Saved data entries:
________________________________________

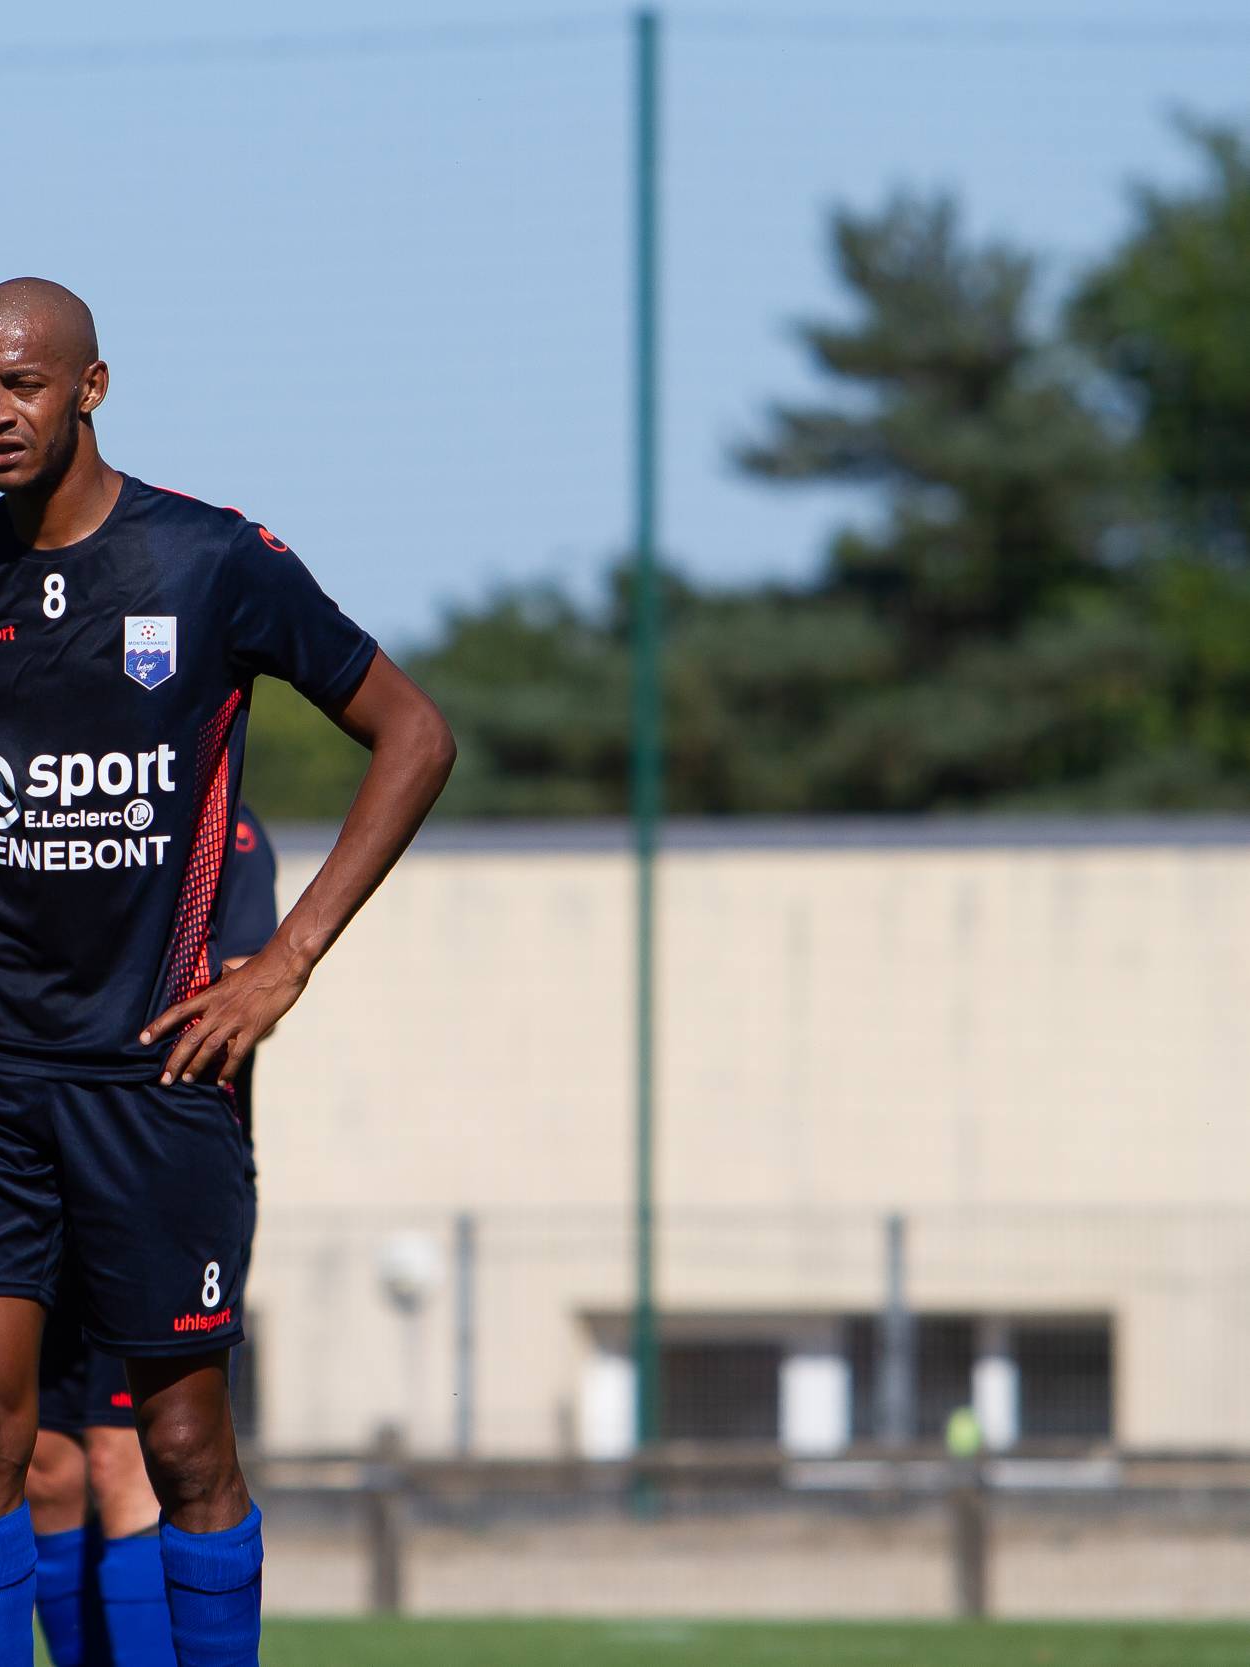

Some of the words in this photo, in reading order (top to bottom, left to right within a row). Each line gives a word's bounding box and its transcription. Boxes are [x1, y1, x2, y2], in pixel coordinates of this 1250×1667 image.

[43, 573, 66, 619] 8
[25, 744, 176, 807] sport
[24, 809, 122, 828] E.Leclerc
[202, 1261, 221, 1308] 8
[173, 1307, 231, 1333] uhlsport
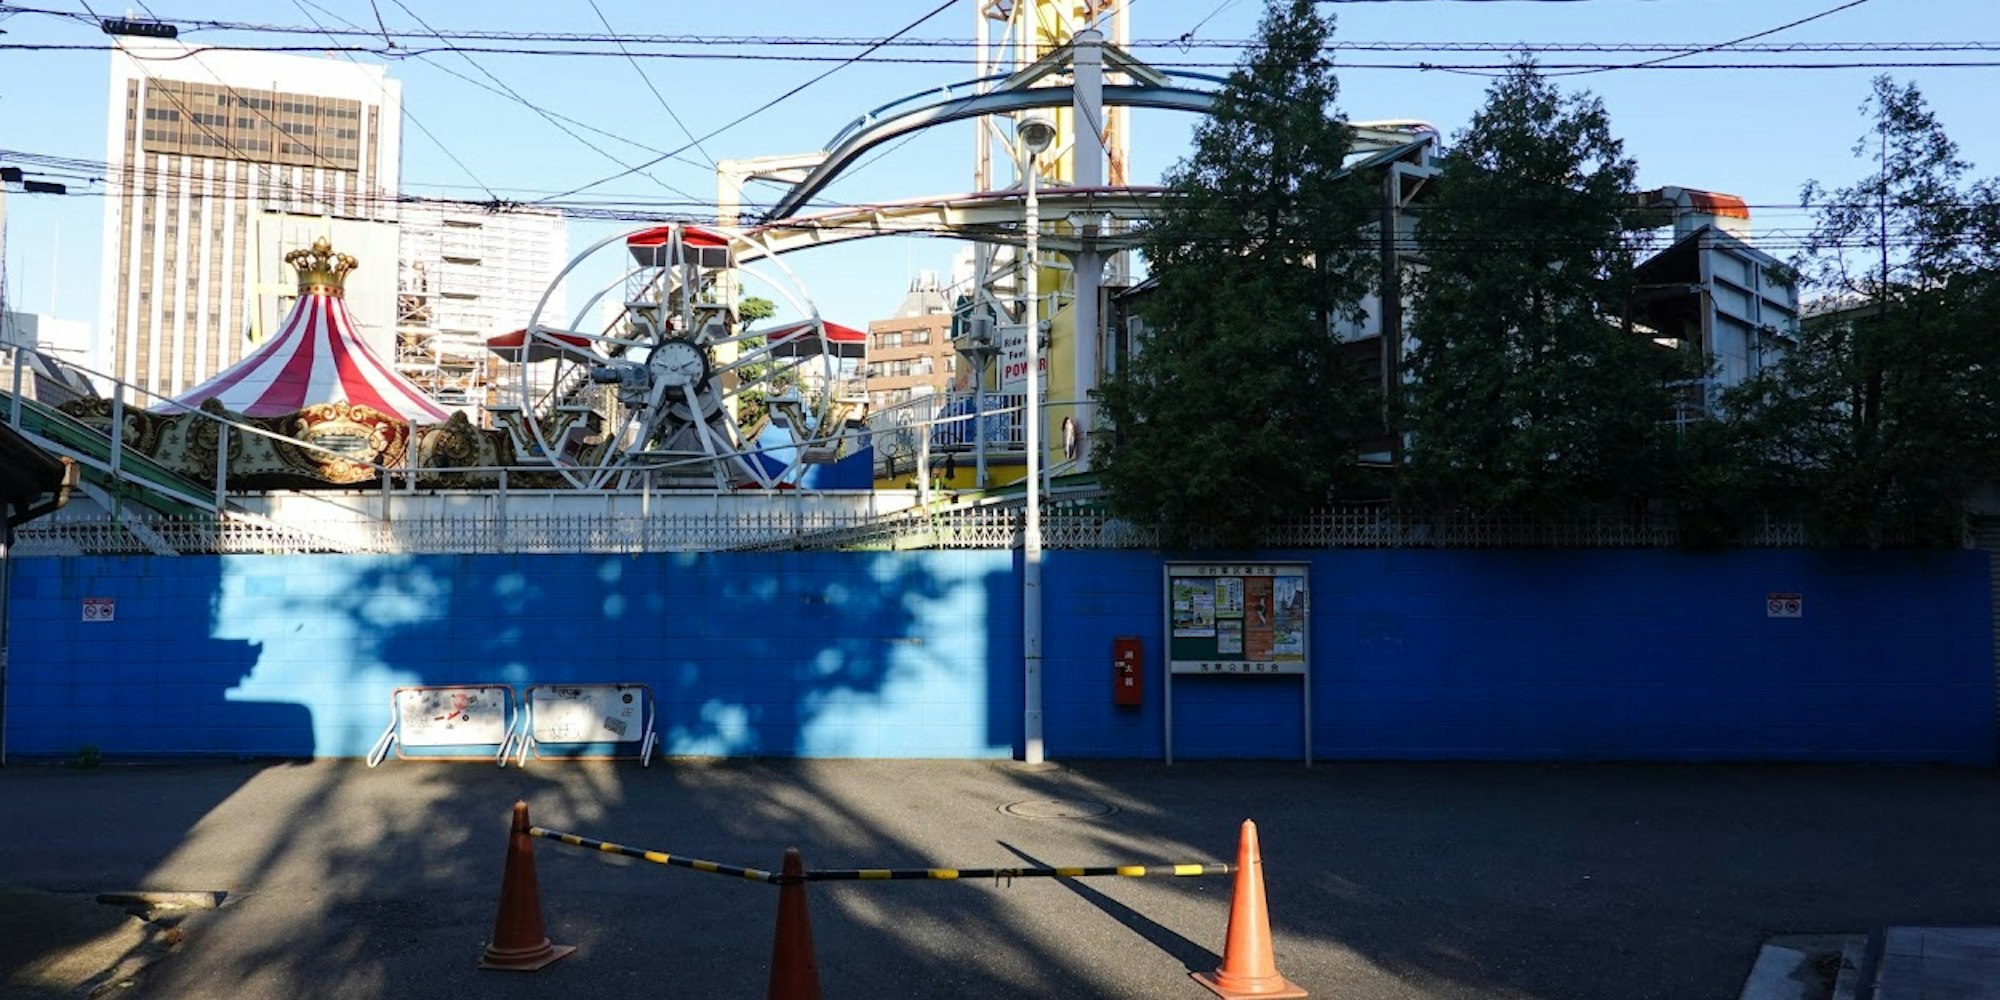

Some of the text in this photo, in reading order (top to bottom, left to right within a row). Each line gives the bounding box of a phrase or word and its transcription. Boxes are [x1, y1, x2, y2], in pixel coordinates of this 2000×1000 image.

[1004, 337, 1021, 348] Ride
[1005, 358, 1046, 379] POWR
[1124, 650, 1134, 688] 消火器
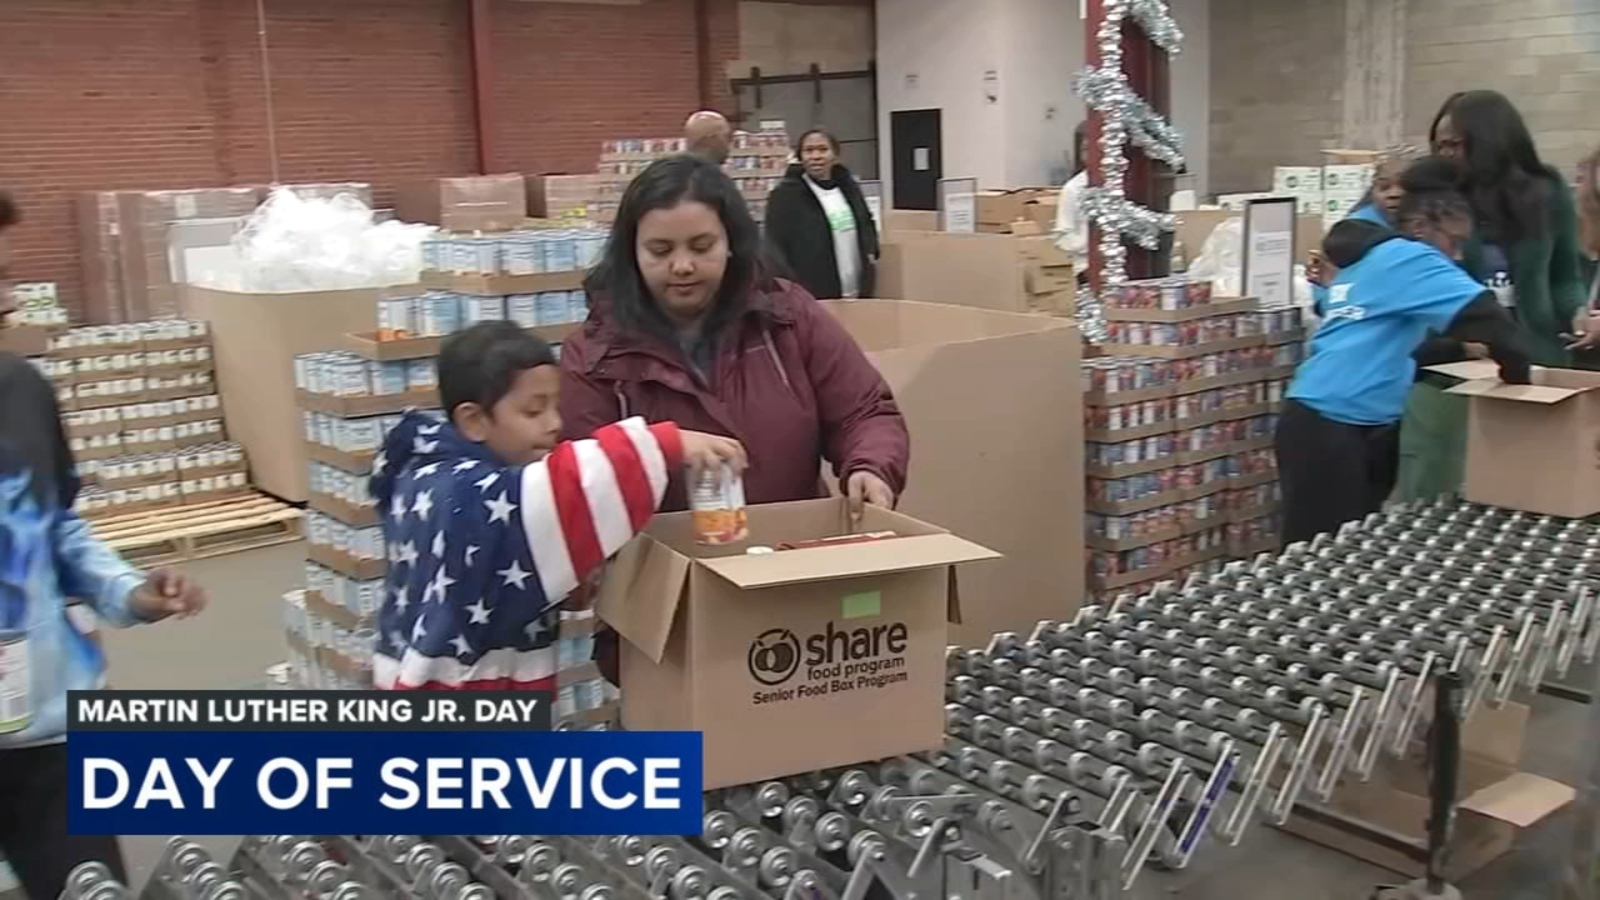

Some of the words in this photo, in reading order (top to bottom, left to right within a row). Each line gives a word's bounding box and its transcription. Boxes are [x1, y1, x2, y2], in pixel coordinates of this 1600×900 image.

[806, 620, 908, 666] share
[807, 662, 841, 681] food
[845, 657, 905, 678] program
[753, 690, 795, 705] Senior
[798, 681, 828, 698] Food
[831, 677, 854, 693] Box
[858, 672, 908, 690] Program

________________________________________

What is expected: Exactly the lines from the one containing "this 1600×900 image." to the final line of the data, both included, should be printed, and nothing more.

Written reply:
Some of the words in this photo, in reading order (top to bottom, left to right within a row). Each line gives a word's bounding box and its transcription. Boxes are [x1, y1, x2, y2], in pixel coordinates of this 1600×900 image.

[806, 620, 908, 666] share
[807, 662, 841, 681] food
[845, 657, 905, 678] program
[753, 690, 795, 705] Senior
[798, 681, 828, 698] Food
[831, 677, 854, 693] Box
[858, 672, 908, 690] Program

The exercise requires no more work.